[Referring expression grounding data]
============================================================

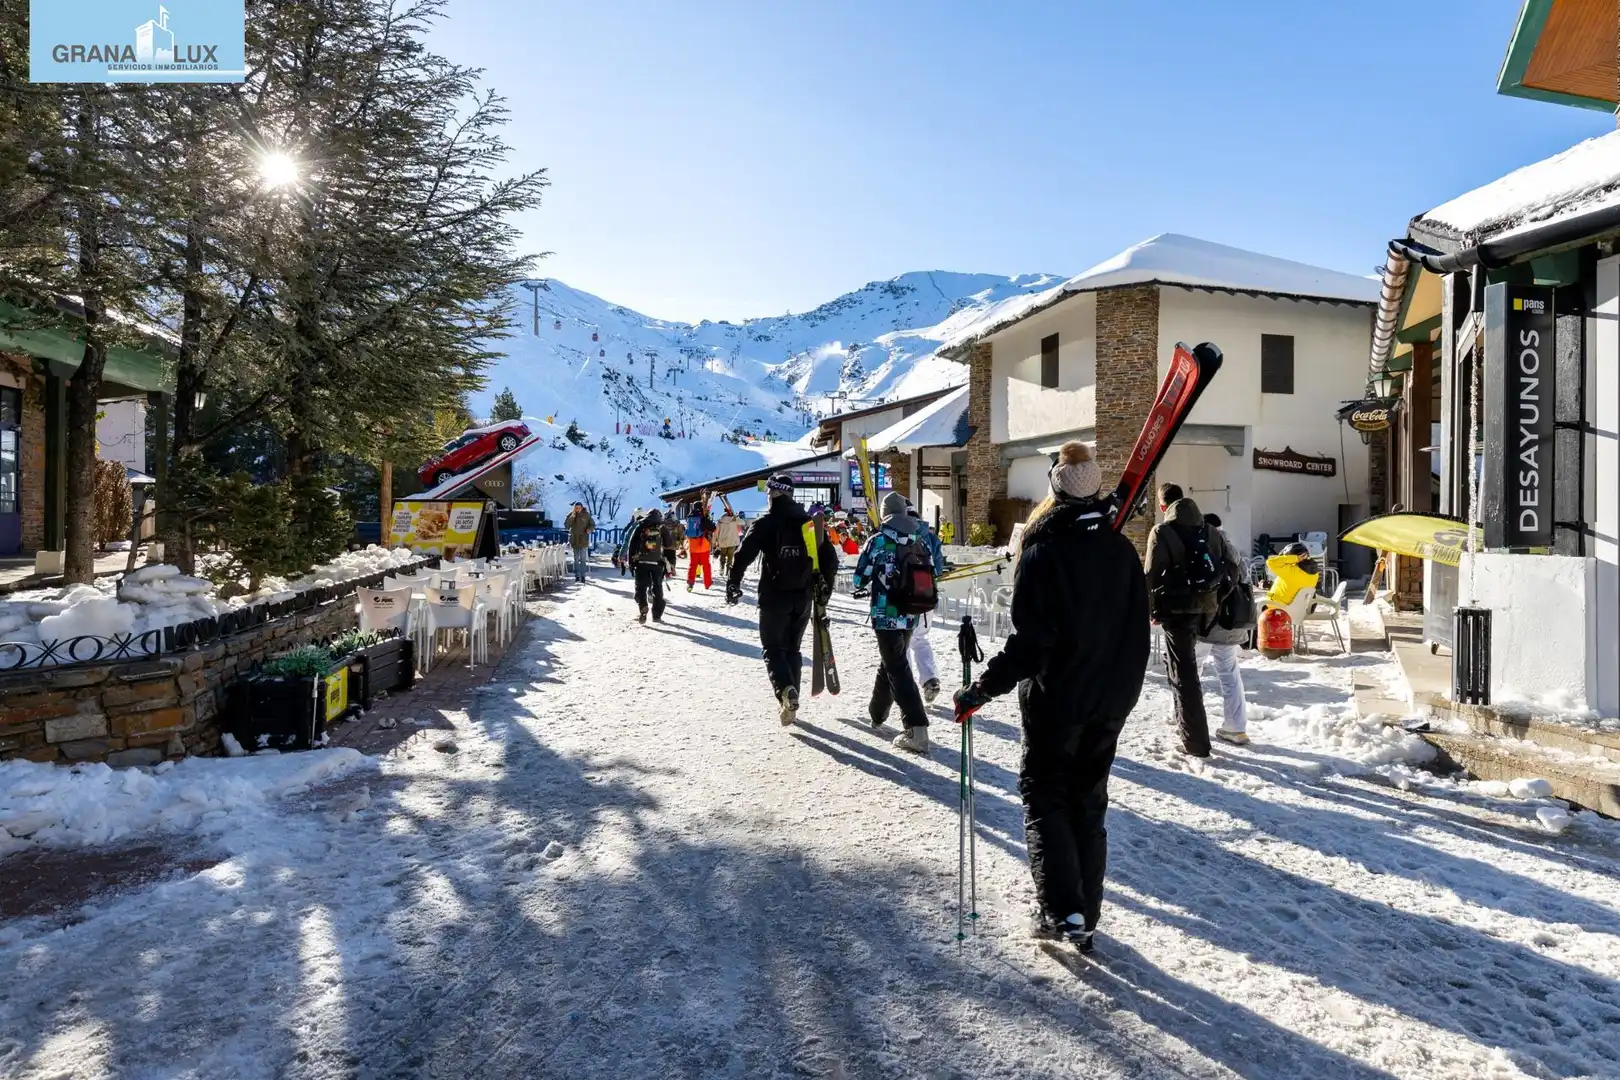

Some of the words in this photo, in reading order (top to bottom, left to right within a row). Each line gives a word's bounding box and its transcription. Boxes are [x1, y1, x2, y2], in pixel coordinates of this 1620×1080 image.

[1523, 299, 1545, 311] pans
[1518, 329, 1540, 532] DESAYUNOS
[1257, 456, 1304, 470] SNOWBOARD
[1305, 461, 1334, 473] CENTER

============================================================

Work order – What you return must be every entry, word for word, without any pictures.

Answer to the problem –
Some of the words in this photo, in reading order (top to bottom, left to right within a row). Each line gives a word's bounding box and its transcription. Boxes are [x1, y1, x2, y2], in pixel coordinates of this 1620×1080 image.

[1523, 299, 1545, 311] pans
[1518, 329, 1540, 532] DESAYUNOS
[1257, 456, 1304, 470] SNOWBOARD
[1305, 461, 1334, 473] CENTER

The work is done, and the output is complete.